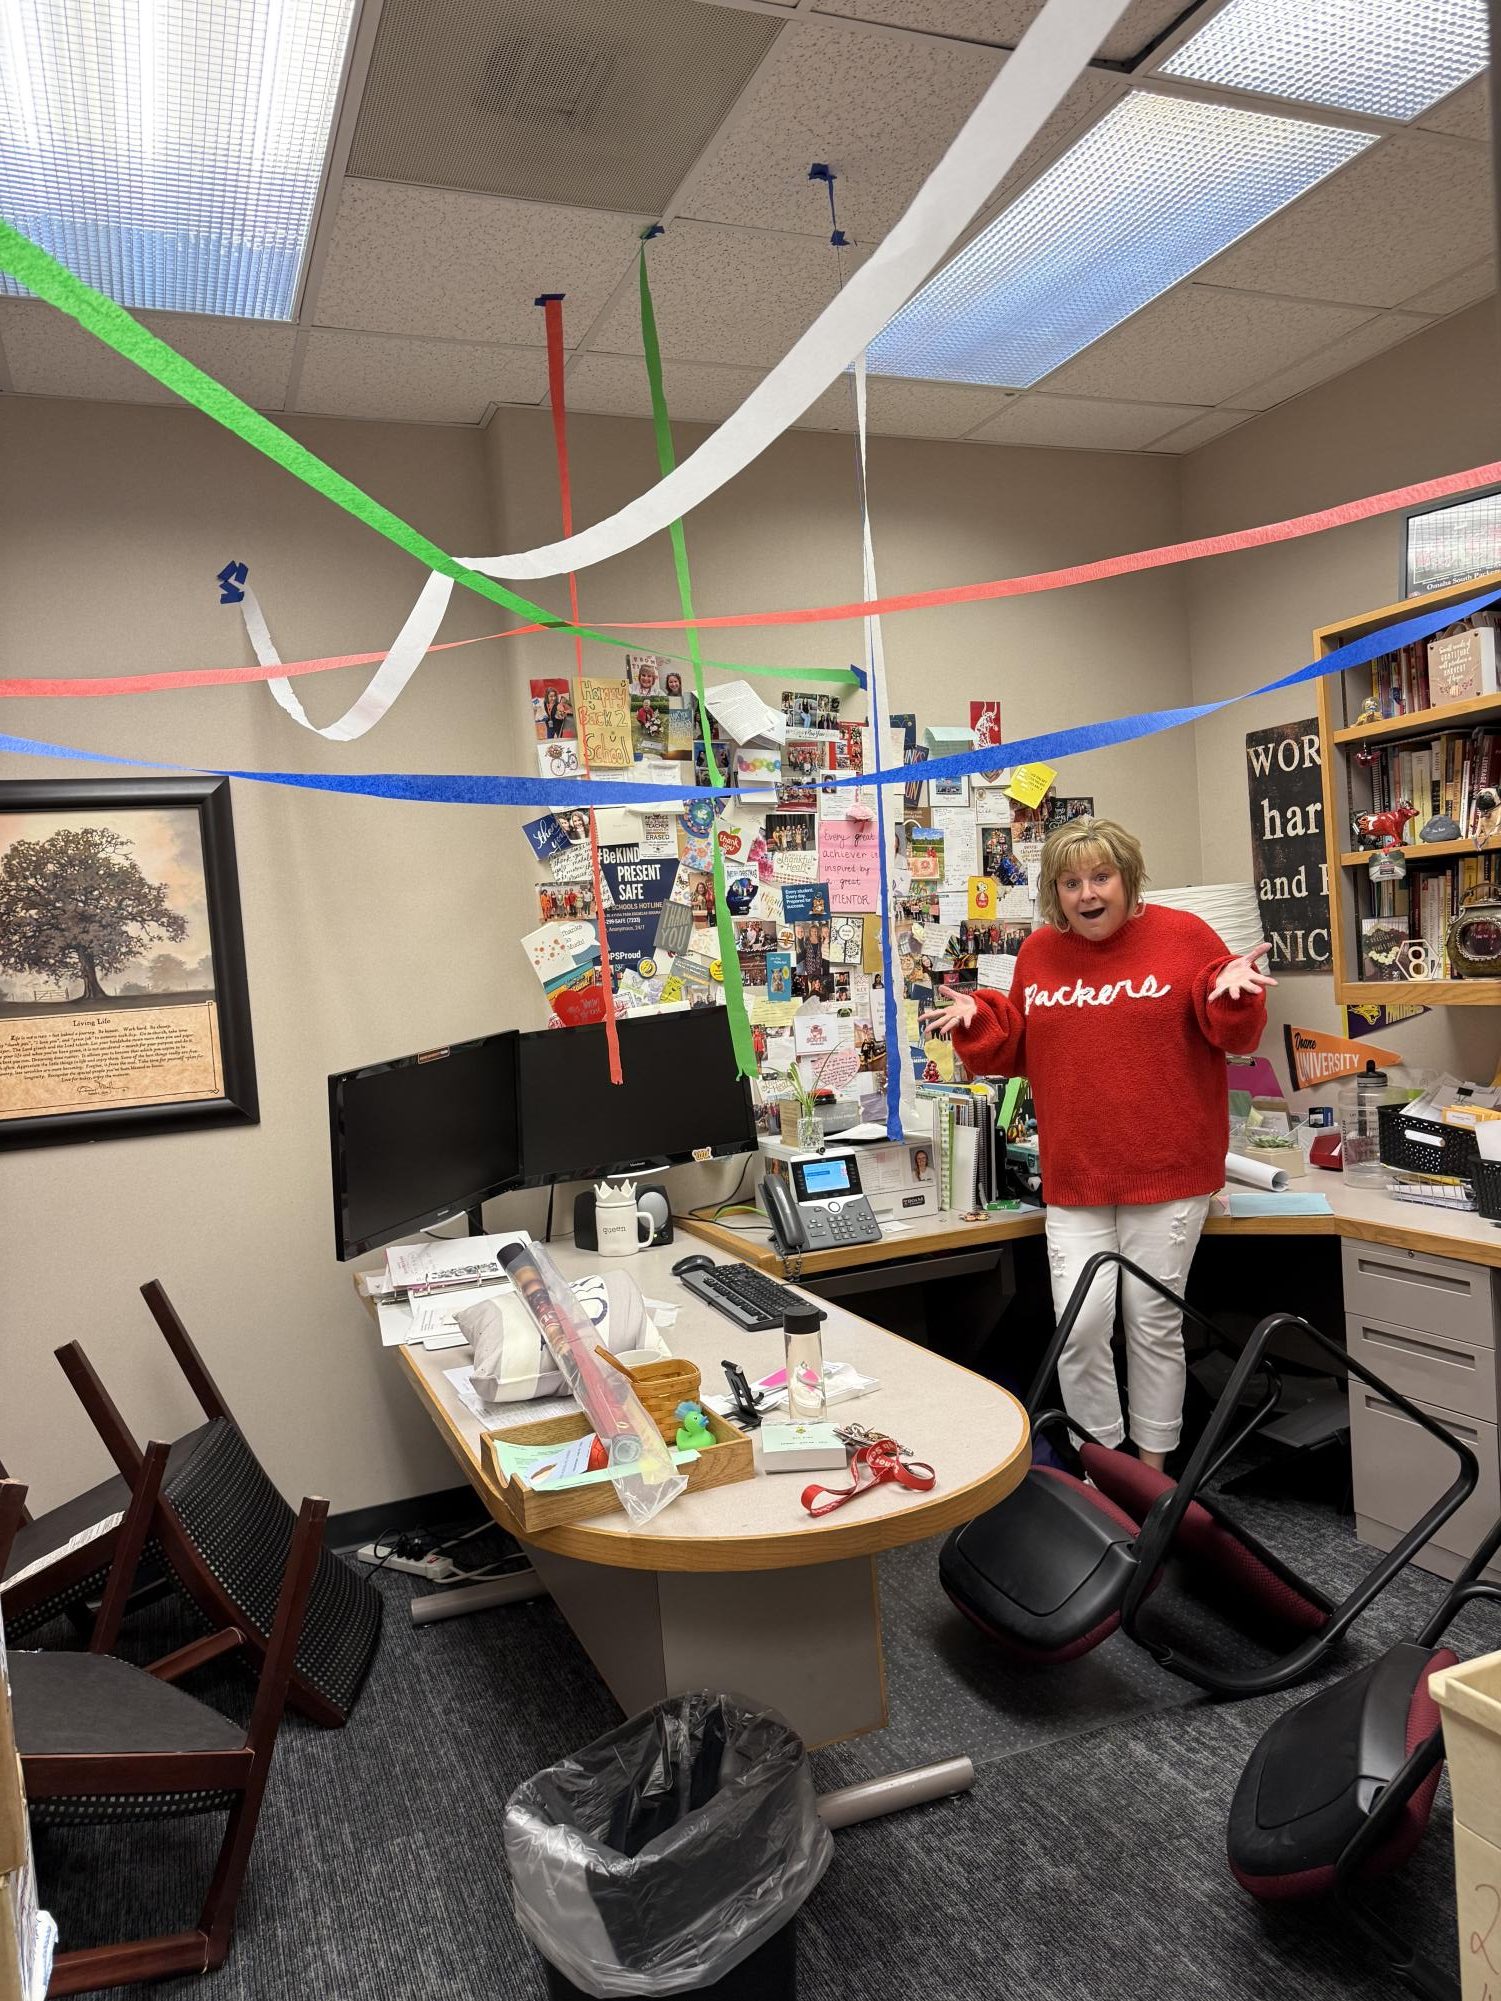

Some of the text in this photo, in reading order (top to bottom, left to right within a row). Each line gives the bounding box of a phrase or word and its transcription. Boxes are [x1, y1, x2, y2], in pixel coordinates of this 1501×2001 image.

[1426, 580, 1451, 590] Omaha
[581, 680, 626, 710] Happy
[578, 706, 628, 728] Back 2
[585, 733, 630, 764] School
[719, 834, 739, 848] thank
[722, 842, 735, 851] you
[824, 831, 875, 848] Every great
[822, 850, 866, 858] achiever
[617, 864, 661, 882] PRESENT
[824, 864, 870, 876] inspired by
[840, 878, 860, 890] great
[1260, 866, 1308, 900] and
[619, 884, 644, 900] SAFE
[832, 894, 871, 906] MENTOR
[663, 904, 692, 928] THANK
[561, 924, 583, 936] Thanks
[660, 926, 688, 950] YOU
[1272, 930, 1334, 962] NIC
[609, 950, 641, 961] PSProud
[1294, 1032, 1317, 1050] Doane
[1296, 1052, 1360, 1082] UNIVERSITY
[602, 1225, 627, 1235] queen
• • • •
_TASK REQUIREMENTS_
Only the pictures are to be left out; copy all the remaining material above exactly.

_OUTPUT FOR THIS EXERCISE_
Some of the text in this photo, in reading order (top to bottom, left to right within a row). Each line gives the bounding box of a phrase or word and its transcription. Boxes are [x1, y1, x2, y2], in pixel coordinates of this 1501×2001 image.

[1426, 580, 1451, 590] Omaha
[581, 680, 626, 710] Happy
[578, 706, 628, 728] Back 2
[585, 733, 630, 764] School
[719, 834, 739, 848] thank
[722, 842, 735, 851] you
[824, 831, 875, 848] Every great
[822, 850, 866, 858] achiever
[617, 864, 661, 882] PRESENT
[824, 864, 870, 876] inspired by
[840, 878, 860, 890] great
[1260, 866, 1308, 900] and
[619, 884, 644, 900] SAFE
[832, 894, 871, 906] MENTOR
[663, 904, 692, 928] THANK
[561, 924, 583, 936] Thanks
[660, 926, 688, 950] YOU
[1272, 930, 1334, 962] NIC
[609, 950, 641, 961] PSProud
[1294, 1032, 1317, 1050] Doane
[1296, 1052, 1360, 1082] UNIVERSITY
[602, 1225, 627, 1235] queen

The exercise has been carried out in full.